Um exemplo é a Cooperaca, cooperativa de produtores da agricultura familiar do interior de São Paulo (localizada entre as cidades de Americana e Nova Odessa), com foco em produtos orgânicos. Há cinco anos, contava com 34 associados das cidades próximas e faziam entregas para o PNAE – Programa de Alimentação Escolar, PAA – programa de aquisição de alimentos e CONAB – Companhia Nacional. A cooperativa além do doar alimentos, vendia para as comunidades locais e empregava pessoas da região. Uma forma de incentivar a permanência de jovens no campo e de destacar o papel social do agricultor.

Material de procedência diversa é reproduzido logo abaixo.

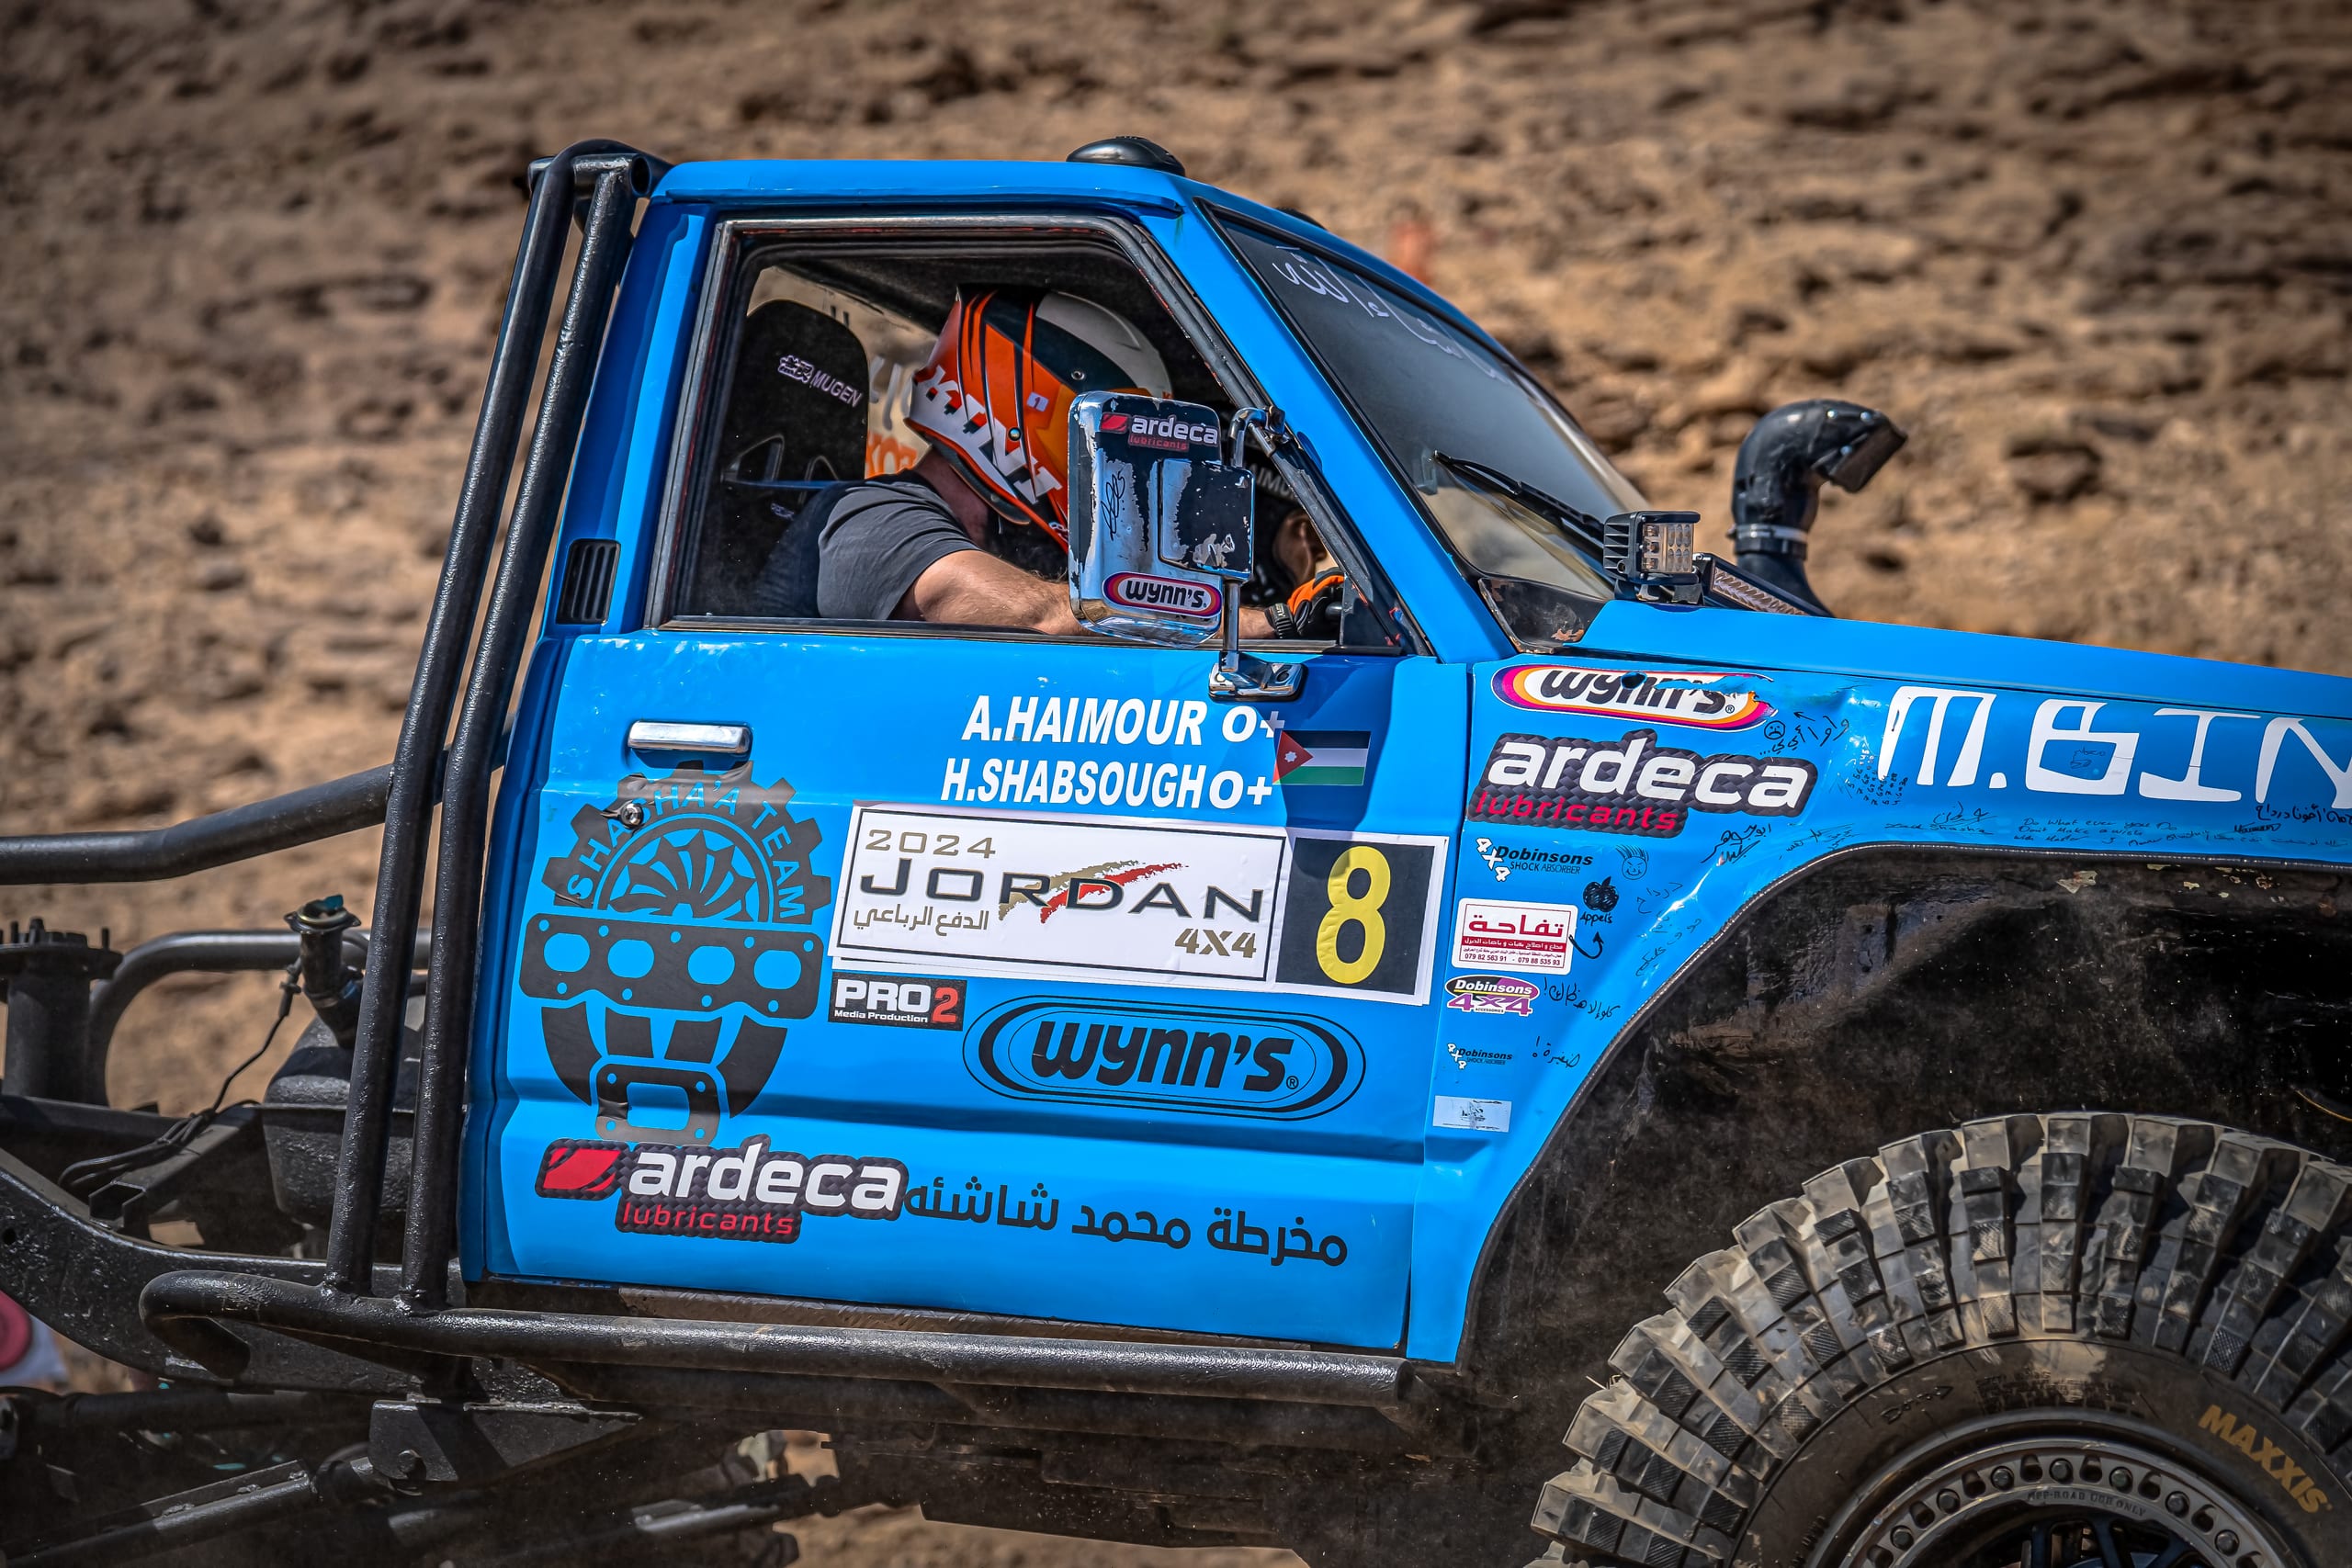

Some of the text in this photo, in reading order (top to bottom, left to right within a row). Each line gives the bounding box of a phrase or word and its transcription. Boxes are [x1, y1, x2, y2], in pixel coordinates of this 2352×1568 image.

[810, 370, 863, 408] MUGEN
[1129, 436, 1187, 450] lubricants
[1131, 415, 1218, 445] ardeca
[961, 695, 1207, 746] A.HAIMOUR
[941, 758, 1206, 808] H.SHABSOUGH
[1487, 738, 1808, 808] ardeca
[1476, 792, 1679, 830] lubricants
[752, 800, 804, 919] TEAM
[865, 829, 996, 859] 2024
[1495, 846, 1594, 865] Dobinsons
[1510, 862, 1581, 874] SHOCK ABSORBER
[860, 858, 1264, 923] JORDAN
[854, 904, 989, 937] الدفع الرباعي
[1316, 845, 1391, 984] 8
[1468, 914, 1564, 938] تفاحة
[1174, 928, 1257, 958] 4X4
[1454, 979, 1532, 995] Dobinsons
[834, 1010, 928, 1023] Media Production
[1458, 1048, 1513, 1060] Dobinsons
[628, 1143, 901, 1211] ardeca
[622, 1201, 794, 1235] lubricants
[1071, 1204, 1192, 1249] محمد
[1206, 1207, 1348, 1267] مخرطة
[2198, 1404, 2328, 1513] MAXXIS

A função desse tipo de associação é chegar em uma comunidade ou grupo para melhorar a condição de vida, resolver ausências de produtos, falta de acesso a serviços, problemas de locomoção e comunicação e outros problemas sociais. Segundo a ONU, 1 bilhão de pessoas estão ligadas ao cooperativismo em todos os continentes. Como filosofia de vida, prega a participação democrática, a solidariedade, a independência e a autonomia. Valores que fazem parte do ser humano, desde a antiguidade. A origem do corporativismo organizado, tal como é hoje, é de 1884: a primeira cooperativa do mundo foi fundada por vinte e oito tecelões na cidade de Rochdale, na Inglaterra. O país no século XIX foi reconhecido como um exemplo de cooperação solidária, cujos princípios eram a autoajuda, autoresponsabilidade e igualdade de decisões.

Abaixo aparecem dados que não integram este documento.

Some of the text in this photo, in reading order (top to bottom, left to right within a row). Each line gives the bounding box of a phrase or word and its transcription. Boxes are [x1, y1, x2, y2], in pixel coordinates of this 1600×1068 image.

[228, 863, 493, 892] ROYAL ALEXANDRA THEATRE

Atualmente no Brasil, há 13 setores principais cujas cooperativas são bastante atuantes, entre elas, estão: educação, agronegócio, financeiro, saúde e mineração. No entanto, há milhares de grupos, de diversas classes sociais se reunindo e se organizando para reivindicar melhores condições e formando iniciativas muito positivas. Eles devem ser incentivados, sempre. Reforço que são sete os princípios do cooperativismo:
- Adesão voluntária e livre;
- Gestão democrática;
- Participação econômica dos membros;
- Autonomia e independência;
- Educação, formação e informação;
- Intercooperação;
- Interesse pela comunidade
As cooperativas unem os pequenos produtores e os fortalecem. Fazem com que se venda mais, de maneira sustentável, criando elos sociais importantíssimos e transformando a vida do agricultor e de suas famílias. É uma estratégia de negócios que possibilita melhores negociações e vai além ao acessar mercados que um pequeno agricultor isolado dificilmente acessaria. Um diferencial que tira o agricultor familiar da margem, faz com que ganhe voz e ganhe vez. As cooperativas rurais incentivam ainda o desenvolvimento de políticas públicas com foco social. O caminho para a agricultura familiar é a união e é, por meio dela, que se traçam novas possibilidades tantos no segmento público tanto no privado.
*Ana Beatriz Prudente é ativista pelo empoderamento do pequeno produtor rural, educadora de agrossustentabilidade e gestora de Economia Criativa nos meios rural e urbano.
*Esse artigo não reflete, necessariamente, a opinião da Fórum.